On the west coast of Ireland, are some incredible sights: chief among them, the Cliffs of Moher and the Burren. We took a beautifully scenic ride across the countryside from Dublin. The journey took roughly three hours from coast to coast by train.
Doolin, County Clare
Before we went to the Cliffs, we stopped in Doolin for some lunch and a little walkabout. The village of Doolin had a few shops and pubs, but was mostly little cottages nestled in the green landscape leading up to the cliffs. This was the setting of John Wayne’s “The Quiet Man,” and much of it is still the same.
This was the best Guinness Stew I had during my entire stay in Ireland: O’Connors Pub in Doolin
The road leading up to the cliffs.
Unfortunately, the day was too misty and gray for good photographs, but hopefully you can appreciate the vibrant green and pretty countryside.
Cliffs of Moher
If you have ever seen “The Princess Bride,” the Cliffs of Moher are the Cliffs of Insanity:)
The cliffs of Moher extend about five miles and are Ireland’s most visited site – it was completely worth it. As you ascend up the cliffs, and look out at the incredible vista the only comparison that came to mind was the Grand Canyon. The views go on and on, and you can’t sum it up in one concise view or shot from your camera.
On the right side, there were two paths: one a bit more dangerous and steep, and the other a little more tucked in from the edge. The one that is tucked in is used by farmers to walk their livestock – I noticed bits of wool snagged on the simple wire fence. Grazing pasture is nestled right up against the cliffs, and sheep and cows dot the landscape. The biggest surprise was how rural the area is. In America, there would have been theme hotels, restaurants, and tourist attractions.
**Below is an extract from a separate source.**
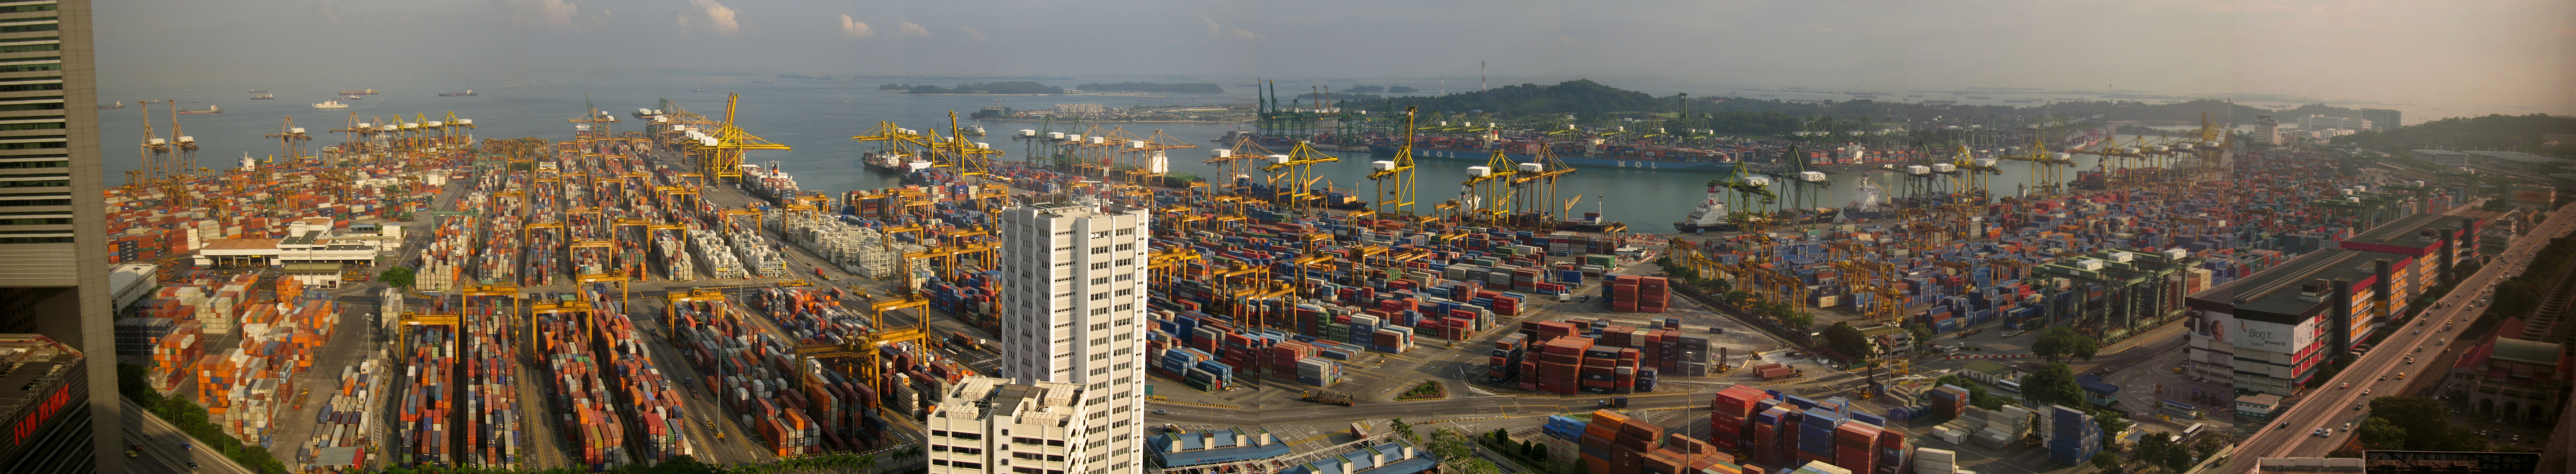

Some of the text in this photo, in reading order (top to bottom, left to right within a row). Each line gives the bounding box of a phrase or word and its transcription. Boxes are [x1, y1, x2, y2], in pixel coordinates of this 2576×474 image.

The most remarkable aspect of this site, with the exception of the cliffs, was how untouched and unspoiled the area still is. It was truly magical.
The two paths: one worn, and the other for the brave.
The cows of Moher
Seagulls loved this jutted rock. I watched as the Doolin ferry almost wrecked into it from the strong currents. It took about 1/2 hour to extricate itself, and several close calls.
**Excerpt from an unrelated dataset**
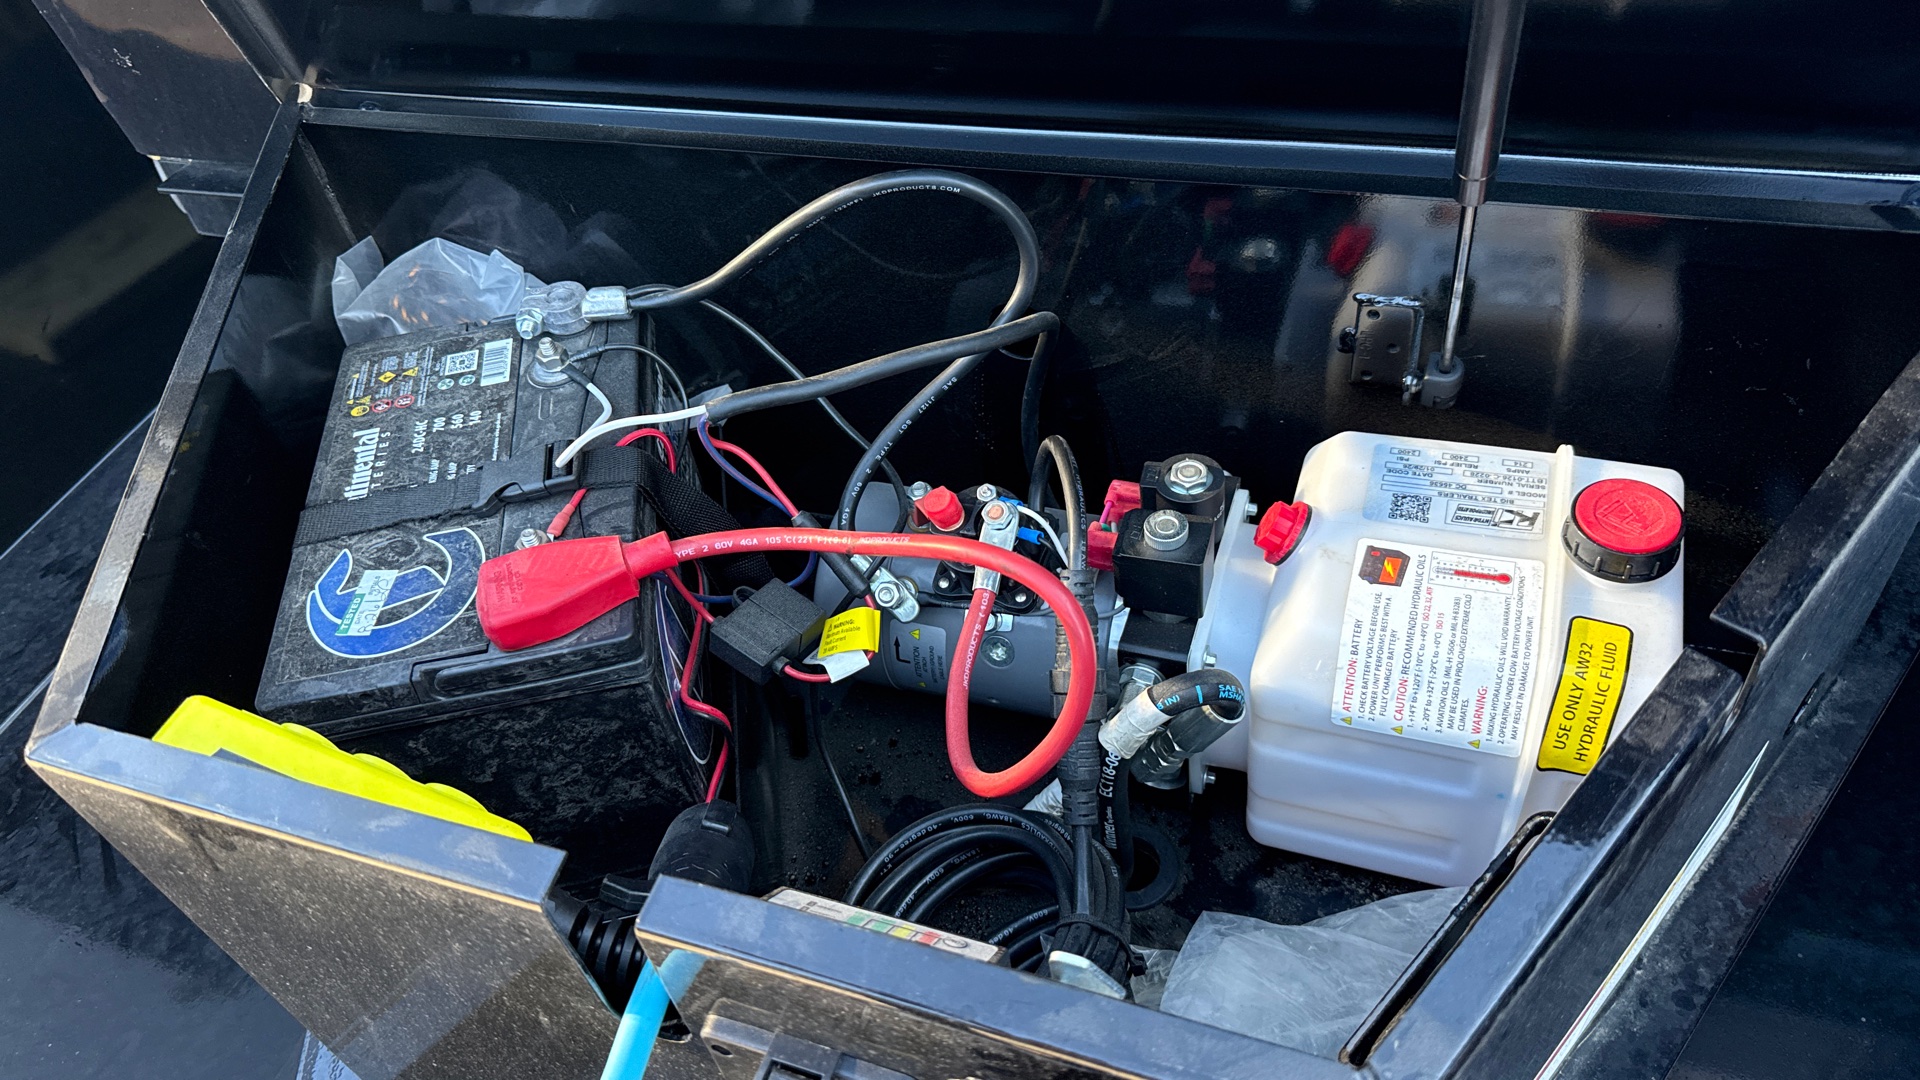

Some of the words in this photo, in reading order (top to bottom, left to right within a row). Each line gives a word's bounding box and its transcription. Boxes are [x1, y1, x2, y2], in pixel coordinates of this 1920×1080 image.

Caves line the bottom of the cliffs.
The view from a jut of flat rock; all you could hear was the crashing of the waves, seagulls and the occasional moo from the cows behind.
The Burren is a unique rocky wasteland that dates back to Paleolithic times. It literally means “rocky place.” It had a remote beauty and elegance, and a silence to it that is hard to put into words.
An interesting little snail.
Little beautiful flowers insisted on growing through the cracks of rock.